Lebensbedingungen im AnkERzentrum nicht hinnehmbar
Seit einem Jahr gibt es das Ankerzentrum Ingolstadt/Manching. Die Lebensumstände dort wurden von Anfang an kritisiert. Die Initiative „Ingolstädter Erklärung“, die sich die Verbesserung der Lebensumstände im Ankerzentrum Ingolstadt/Manching und seinen 3 Dependancen zum Ziel gesetzt hat, beleuchtete bei einem Pressegespräch einige besonders kritische Punkte und teilt dazu mit:
Es gebe zwar minimale Verbesserungen, wie z.B. die Tatsache, dass Mütter mit Babys bis zu 15 Monaten einen Wasserkocher zum Erwärmen der Nahrung auf das Zimmer nehmen dürfen, doch grundsätzlich sind die Rahmenbedingungen für das Leben von Geflüchteten im Lager nicht hinnehmbar. Man bedenke, dass die allermeisten der ca. 1000 Menschen im Ankerzentrum Ingolstadt/Manching auf ihrer Flucht Schreckliches erfahren mussten und von traumatisierenden Erlebnissen gezeichnet sind.

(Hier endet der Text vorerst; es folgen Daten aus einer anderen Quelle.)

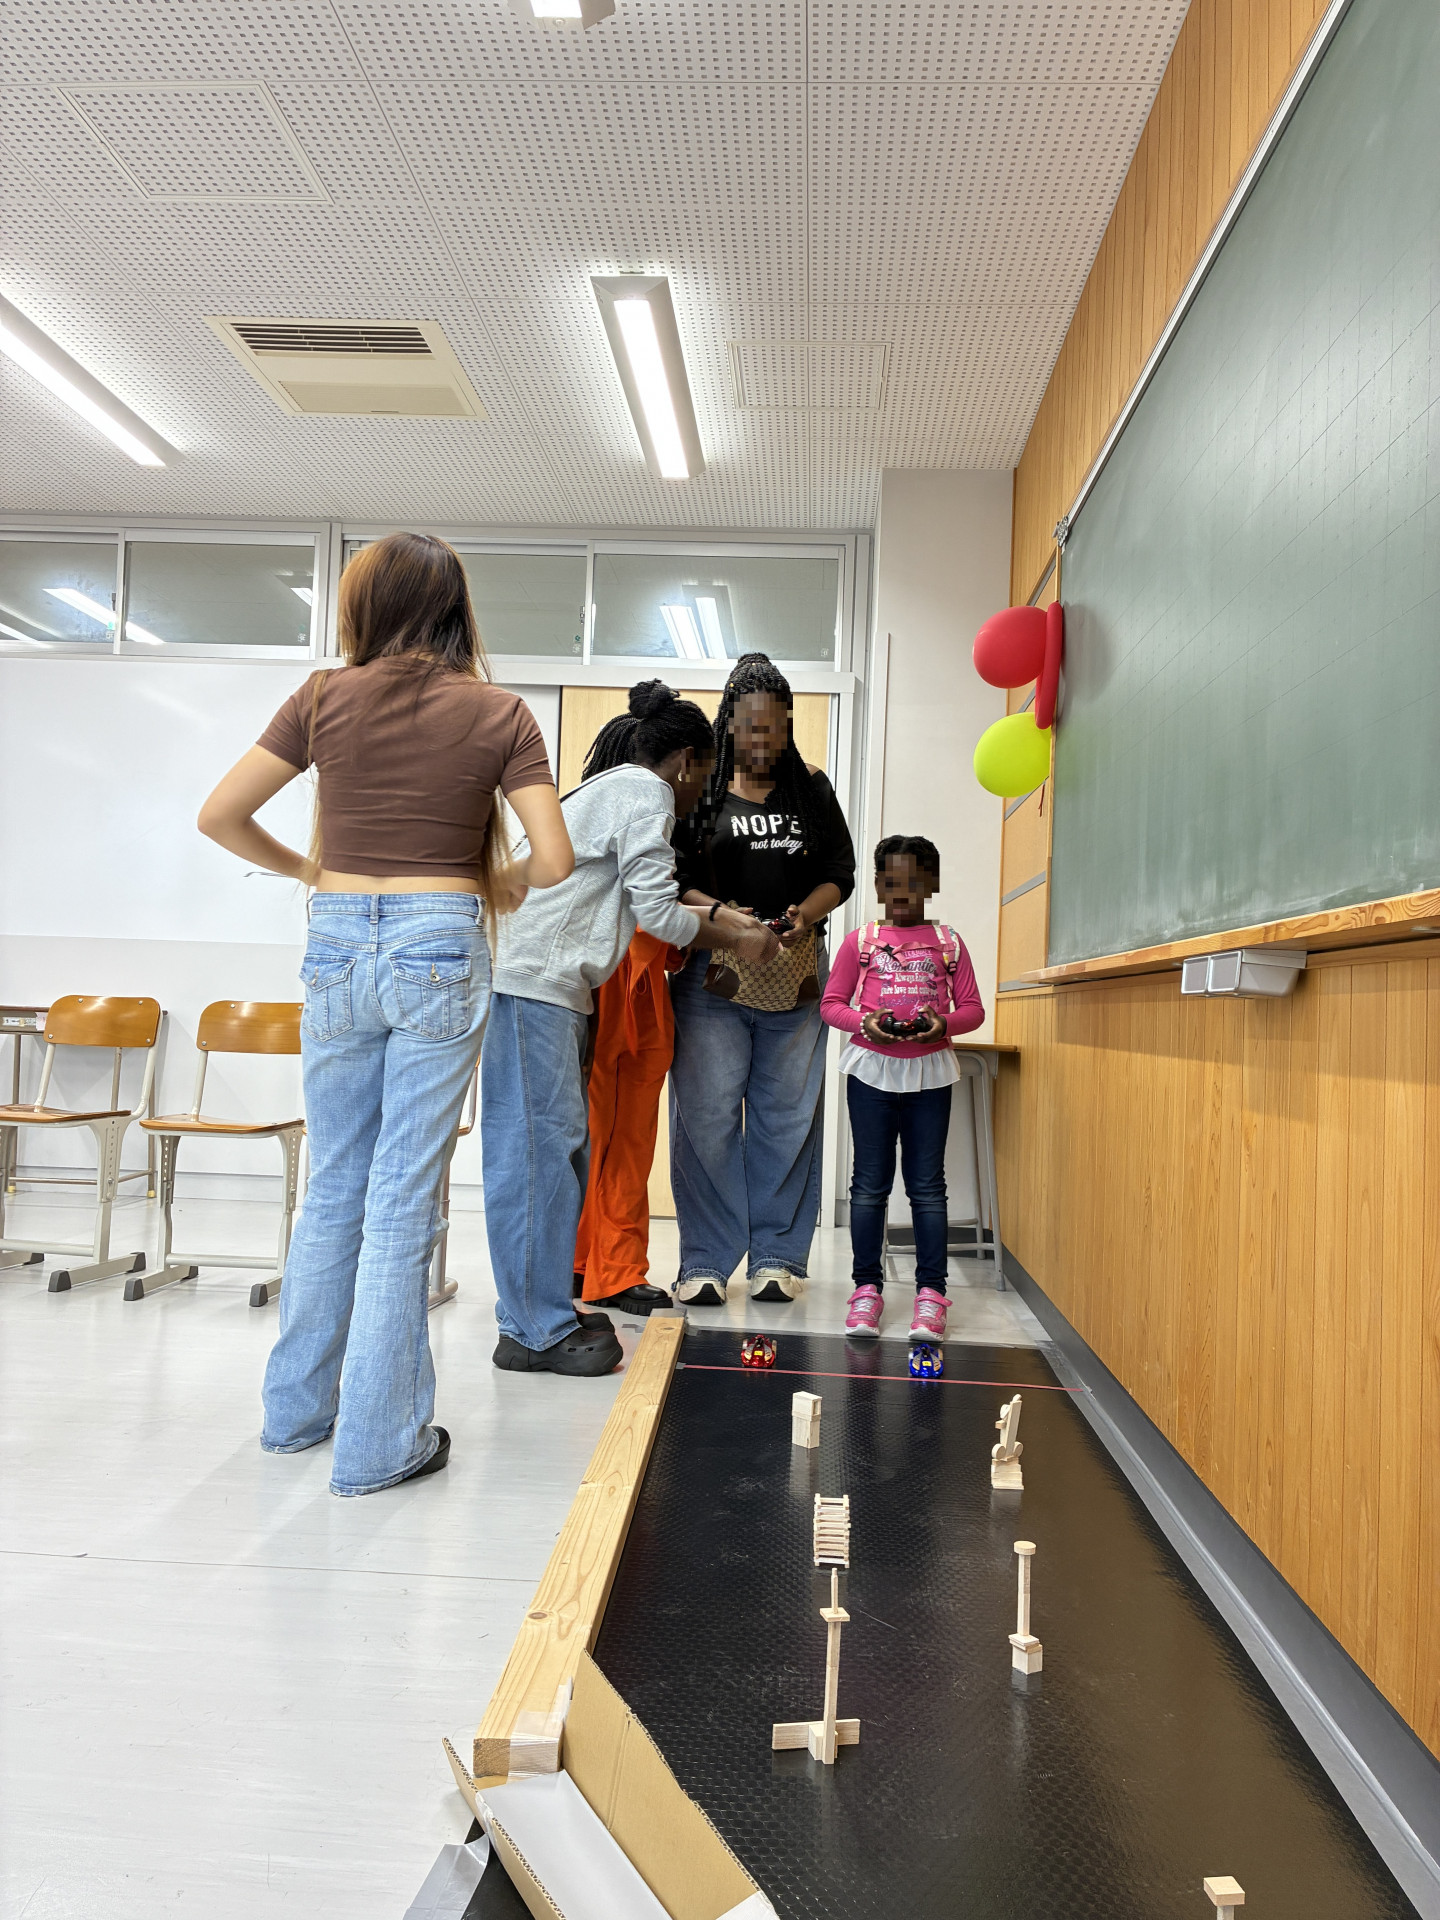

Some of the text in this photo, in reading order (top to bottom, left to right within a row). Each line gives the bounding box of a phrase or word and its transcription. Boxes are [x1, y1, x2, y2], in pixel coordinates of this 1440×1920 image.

[750, 835, 803, 855] not today
[894, 984, 906, 995] love

Franziska Maul von Ärzte der Welt München zog eine bittere Bilanz: Die Organisation sah sich gezwungen ihre psychiatrische Sprechstunde nach 15 Einsätzen zu beenden, da „die anhaltend krankmachenden Lebensumstände in der Unterkunft eine erfolgreiche Behandlung verhindern. Der fehlende Schutz vor Übergriffen, die mangelnde Privatsphäre und das Besuchsverbot von Verwandten, Freunden und Betreuern wirken sich ebenfalls negativ auf die psychische Gesundheit aus. Nächtliche Ruhestörungen, die unsichere Zukunftsperspektive und die nicht vorhandene Kontrolle über das eigene Leben haben eine katastrophale Wirkung.“
Julian Rapp vom Infobus Münchner Flüchtlingsrat bemängelte den fehlenden Rechtsbeistand im Asylverfahren. So sei es Geflüchteten nicht möglich, sich vor der ersten Anhörung eine fundierte Rechtsberatung zu organisieren. Es gibt lediglich eine allgemeine Beratung, die vom BAMF durchgeführt wird, jene Behörde, die über den Asylantrag entscheidet. Das widerspricht aufgrund mangelnder Neutralität jeglicher rechtsstaatlichen Struktur.
Ebenfalls sehr kritisch äußerte sich Jürgen Soyer von Refugio München: „Nach einem Jahr Arbeit mussten wir feststellen, dass es sehr viele psychisch stark belastete Kinder und Jugendliche gibt. Die isolierenden Lebensumstände sind für diese Kinder eine Katastrophe und richten nachhaltige Schäden an. Wenn wir ein Kind als traumatisiert identifiziert haben, gibt es kein funktionierendes System, das entsprechende Bedürfnisse aufnimmt. Jeder Fall ist eine neuer Kampf um Zuständigkeit und eine zeitnahe Reaktion.“
Veronika Peters von der Initiative „Ingolstädter Erklärung“ verlangt mehr Transparenz und leichteren Zugang zu den in der Einrichtung untergebrachten Menschen. Wiederholte Anschreiben und Telefonate wegen einer Besuchsmöglichkeit blieben zuletzt unbeantwortet. Monika Müller-Braun, eine Sprecherin der Initiative, hält das Konzept der Ankerzentren trotz kleinerer Verbesserungen für gescheitert und wünscht sich die Rückkehr zu dezentralen Unterkünften, wo mit Hilfe von Helferkreisen vor Ort Integration schneller, sicherer und erfolgreicher gelingen kann.
Die sogenannten Ankerzentren für Geflüchtete wurden vor einem Jahr eingeführt. Bayern soll dabei die Rolle als Vorbild zukommen. Bereits bei der Anhörung im Landtag im September 2019 wurden die Lebensumstände in den bayerischen Lagern von Expertinnen und Experten heftig kritisiert. Der gemeinsame Tenor: Diese Lager entsprechen nicht den Werten unserer auf Humanität und rechtlicher Unabhängigkeit basierenden Gesellschaft.